DEKALB COUNTY, Ala. – Linda Chitwood will never forget the last conversation she had with her youngest son, Jeremy Ferguson.
“He had always called my every day to see how I was and say, ‘Mama, I love you,’ and that’s the last thing he said to me,” she said fighting back tears.
Jeremy and his family were living near County Road 85 in Henagar on April 27, 2011, when an EF-5 tornado worked its way through DeKalb County. A neighbor told Linda they were standing out in the yard watching it come. Her grandson, Bryce, was 10 years old at the time. He remembers the wind sucking him out of the house.
“I said, ‘my son is dead, but I need to see if I can go find my grandkids.'”
Linda Chitwood
“Dad told us to go into the hallway. And Granny told me he put his arms around us and then he prayed,” Bryce said. “I didn’t know what was going on. I figured I was the first one to head out. I couldn’t get a hold of him long enough. I was out first.”
A neighbor called Linda and told her the house had been hit. Friends found the family of four hours later in a pasture about 150 yards from where the house once stood.
“He found Jeremy first and he was already cold, and Emma was,” Linda said, “and Bryce’s mom was warm. Then when he touched Bryce, he made a sound.”

First responders stopped her from reaching the destruction.
“I said, ‘my son is dead, but I need to see if I can go find my grandkids,'” she said.
Linda’s granddaughter, 6-year-old Emma Ferguson, died instantly, so did her 34-year-old son, Jeremy, and his wife, 32-year-old Tawnya Sturgeon Ferguson. Bryce was barely holding on.
He was taken to Children’s Hospital in Birmingham. Linda was told he would not survive because of his extensive brain damage and other injuries.
“His arm was broke. His collar bone was broke,” she said, “He had a stob in his back about that big around, a big hole. And he was cut up with barbed wire all over.”
Machines were breathing for him. She remembers a conversation with a doctor.
“On the fifth day, he said, ‘you need to go home and bury your family and I’ll keep him alive until you get back,’” she recalled.
When doctors unplugged that life-saving equipment, Bryce fought and lived.
“I was praising God,” Linda said. “I just knew all these prayers that these people had prayed for Bryce, and I had sat by his bed and prayed every day.”
A decade later, the two still grieve for loved ones lost that day, especially Bryce.
“He’s just had a rough time accepting it and not being able to comprehend what’s really happened,” she said, “So, it’s been rough years for him.”
With the help of doctors and therapists, Bryce is working to get back what he lost to his brain injury. School presented challenges, but he graduated from Ider High School last year.
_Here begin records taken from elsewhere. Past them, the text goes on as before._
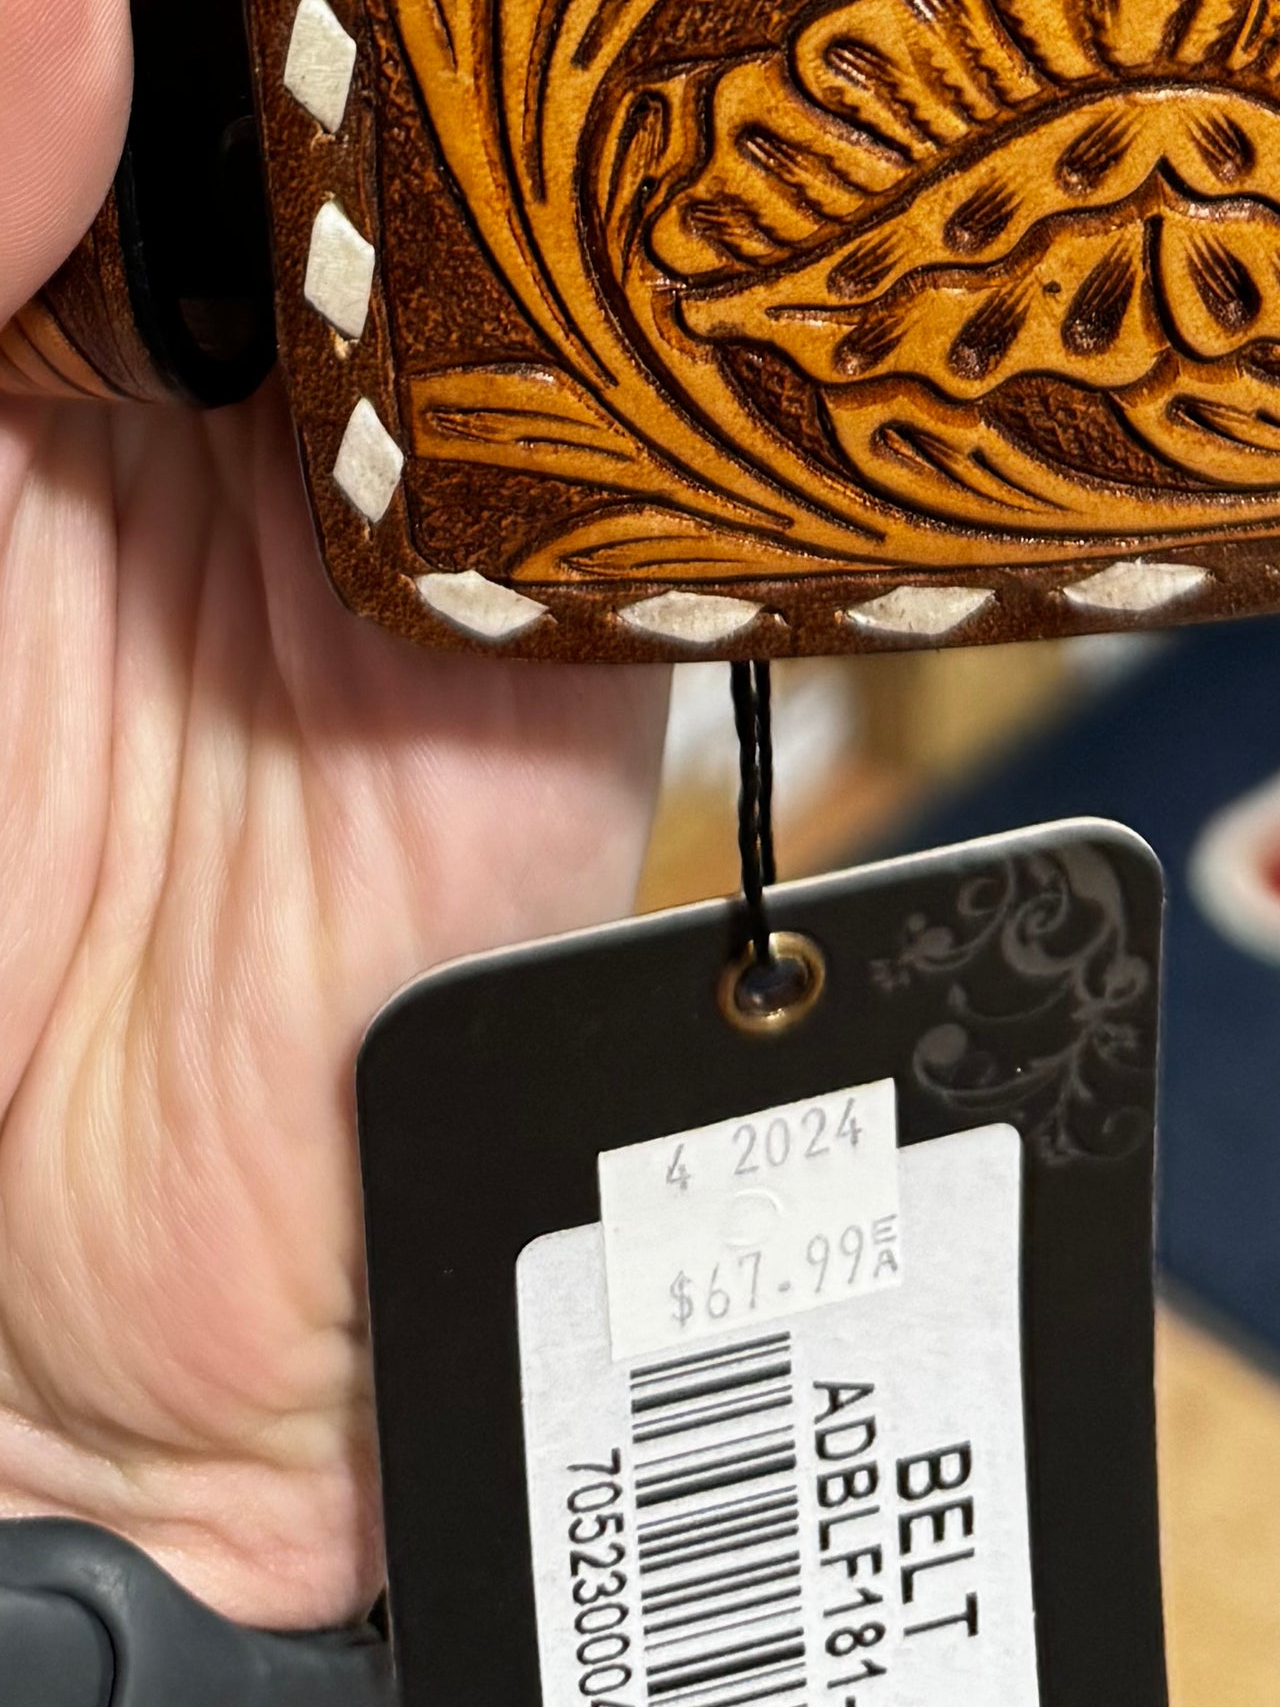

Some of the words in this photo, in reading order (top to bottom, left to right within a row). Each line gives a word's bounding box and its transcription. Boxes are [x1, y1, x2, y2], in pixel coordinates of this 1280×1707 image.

[665, 1143, 692, 1191] 4
[732, 1097, 863, 1176] 2024
[669, 1224, 864, 1328] $67.99
[566, 1446, 635, 1707] 70523000
[896, 1439, 979, 1638] BELT
He hopes to be able to work one day. Meanwhile, the two continue to lean on each other.
“We just love each other,” Linda said. “We have to fight for each other and it’s been a rough road.”
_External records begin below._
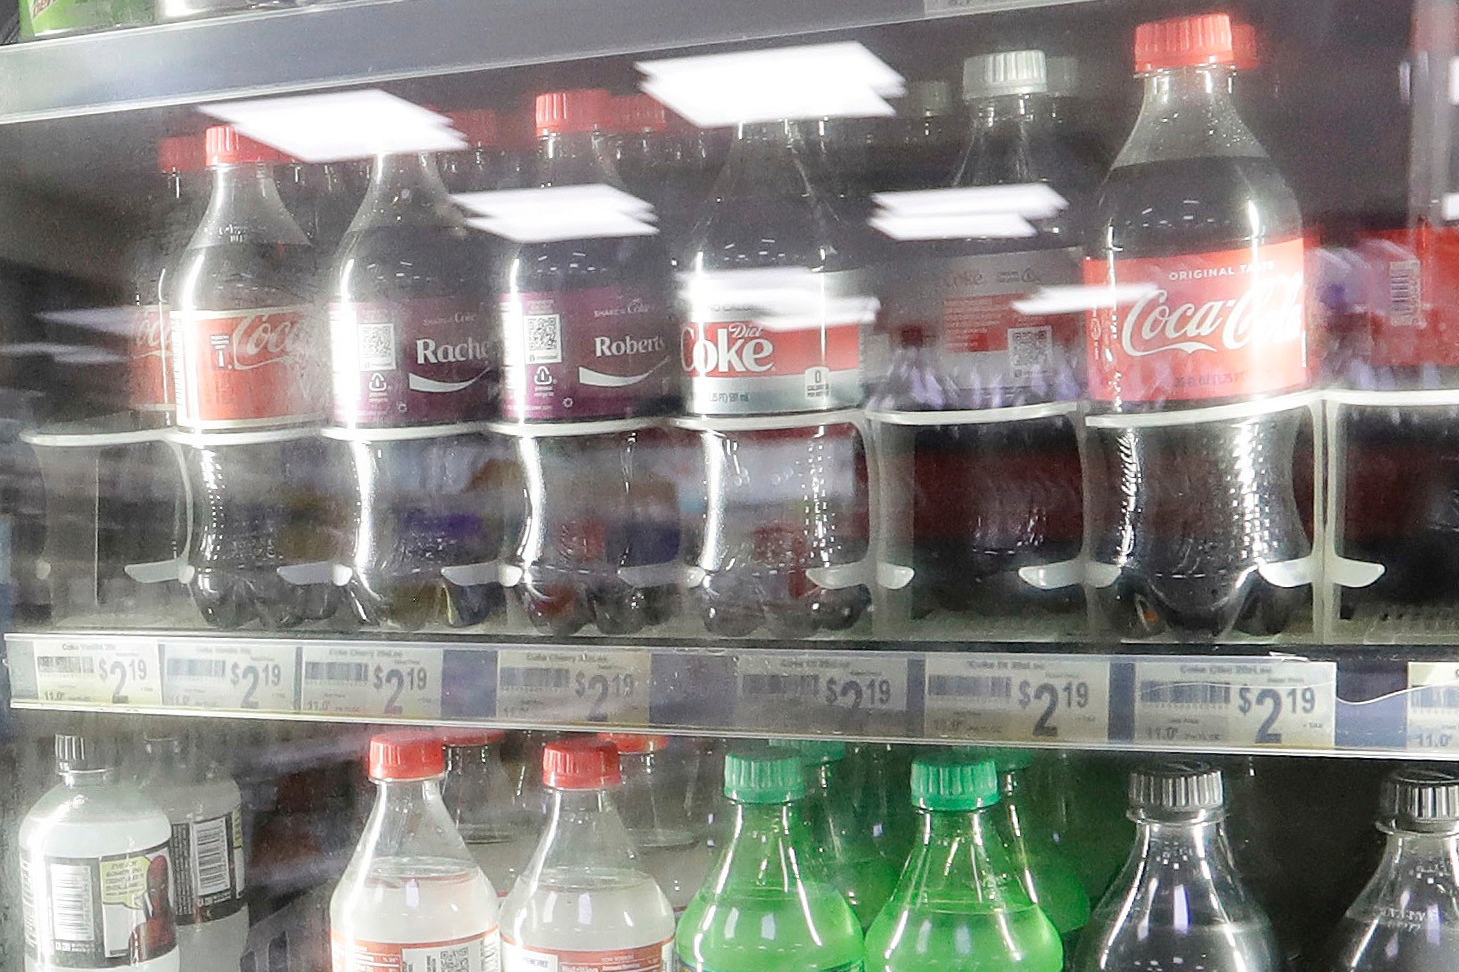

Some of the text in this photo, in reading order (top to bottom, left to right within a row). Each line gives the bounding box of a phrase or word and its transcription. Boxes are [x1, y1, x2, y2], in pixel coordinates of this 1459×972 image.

[1169, 265, 1234, 282] ORIGINAL
[681, 326, 776, 372] Coke
[98, 657, 148, 704] $219
[230, 662, 281, 709] $219
[373, 664, 427, 715] $219
[575, 671, 634, 721] $219
[1017, 680, 1089, 738] $219
[1238, 684, 1315, 744] $219
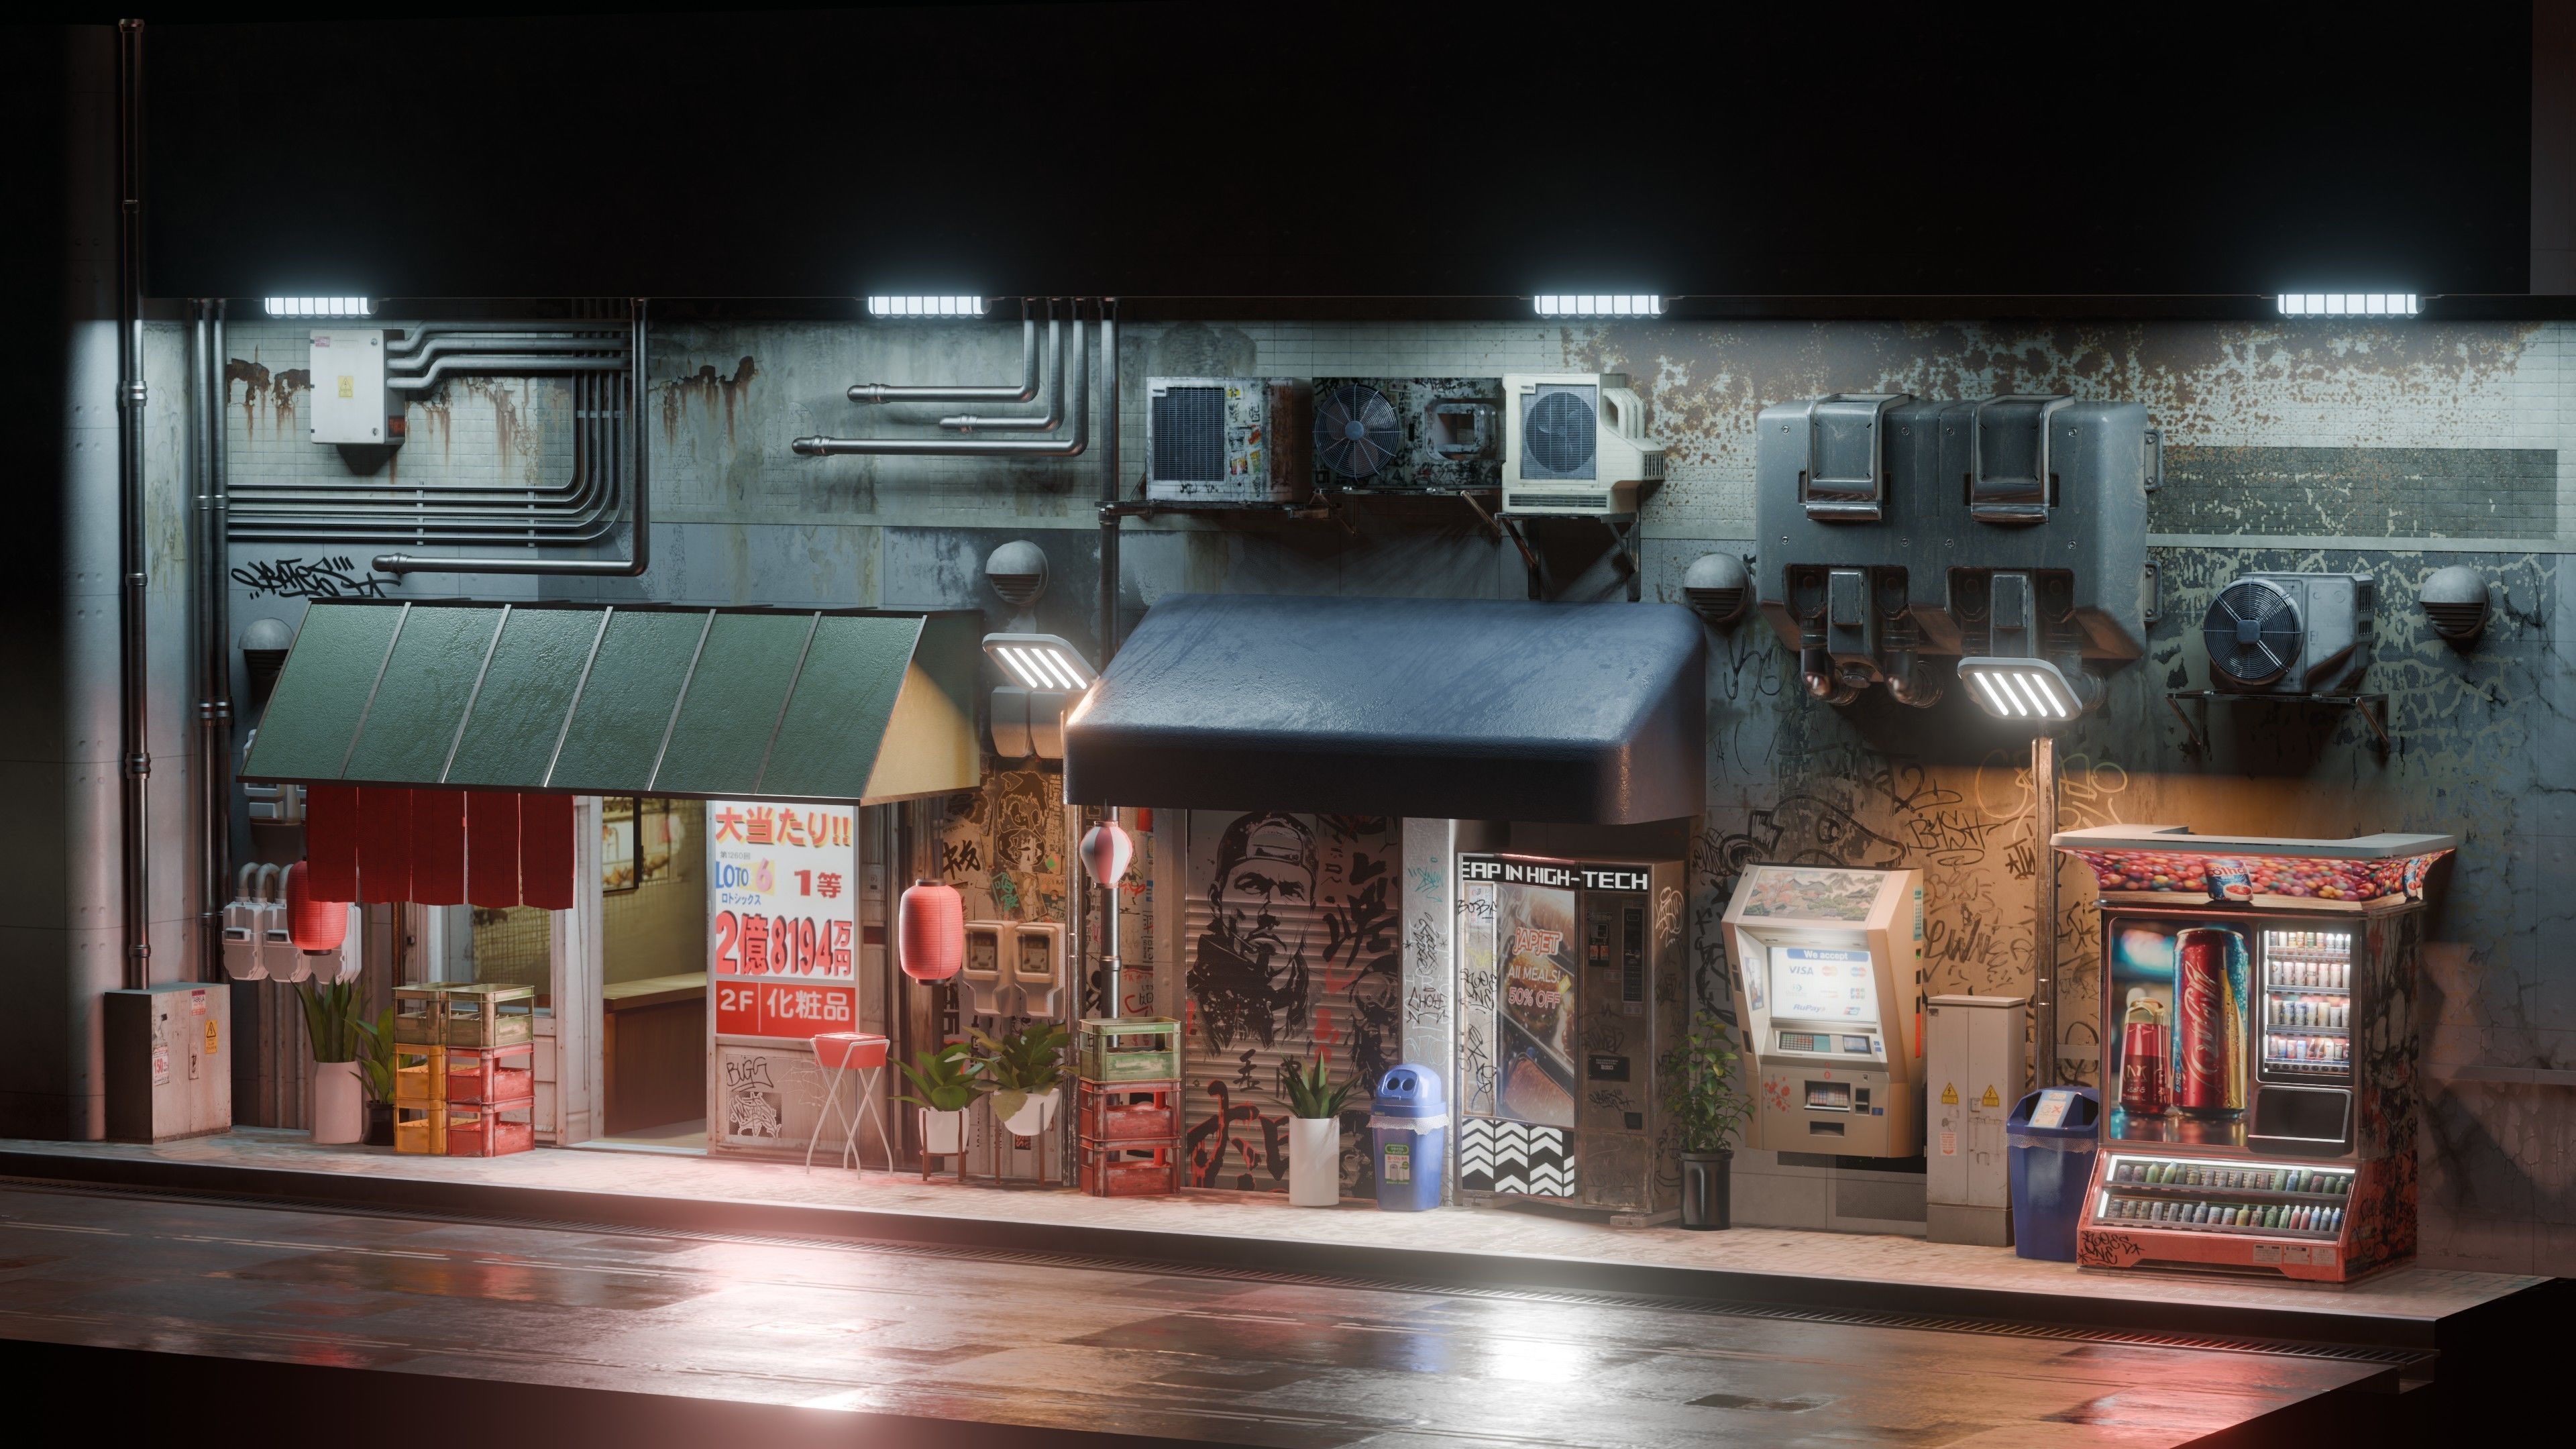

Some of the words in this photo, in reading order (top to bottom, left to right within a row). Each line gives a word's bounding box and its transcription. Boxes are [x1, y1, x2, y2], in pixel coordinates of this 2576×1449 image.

[715, 806, 852, 848] 大当たり!!
[715, 861, 749, 889] LOTO
[756, 857, 772, 892] 6
[1505, 864, 1522, 881] IN
[721, 893, 761, 906] ロトシックス
[1803, 950, 1818, 959] We
[1820, 951, 1849, 961] accept
[1523, 967, 1561, 984] MEALS!
[1789, 965, 1814, 975] VISA
[720, 989, 754, 1012] 2F
[767, 988, 849, 1021] 化粧品
[1508, 987, 1534, 1006] 50%
[1536, 989, 1562, 1009] OFF
[1793, 1004, 1822, 1013] RuPay
They take care of one another, too. Bryce said his dad told him to do that when he was in a coma.
“I wasn’t awake yet,” Bryce said, “I don’t know how he told me, but I remember what he said. And I told it to Granny. I said, ‘Dad told me to protect you, Granny.’”
Linda is now more like a mom to Bryce.
“That’s how I love him, and I know that’s what my son would want,” she said.
They are survivors.
“We are,” she said, “with God’s help and all the people around us. You know, all the neighbors and churches have helped us. Now, we just go day-by-day and just make it the best way we can and if Bryce has a problem, we try to work through it or if I’m having a problem, he tries to help me work through that. That’s just the way it is for us now.”
They hope by sharing their story, people will see not only what a tornado can take from you, but also what love can give you.
“If something does happen to their family that they have some hope by seeing Bryce,” Linda said. “If something happens to a child and he lives through it, that he can get through all this. And he can get it all worked out in his mind if he’s got somebody that loves him. I just want to give them some hope.”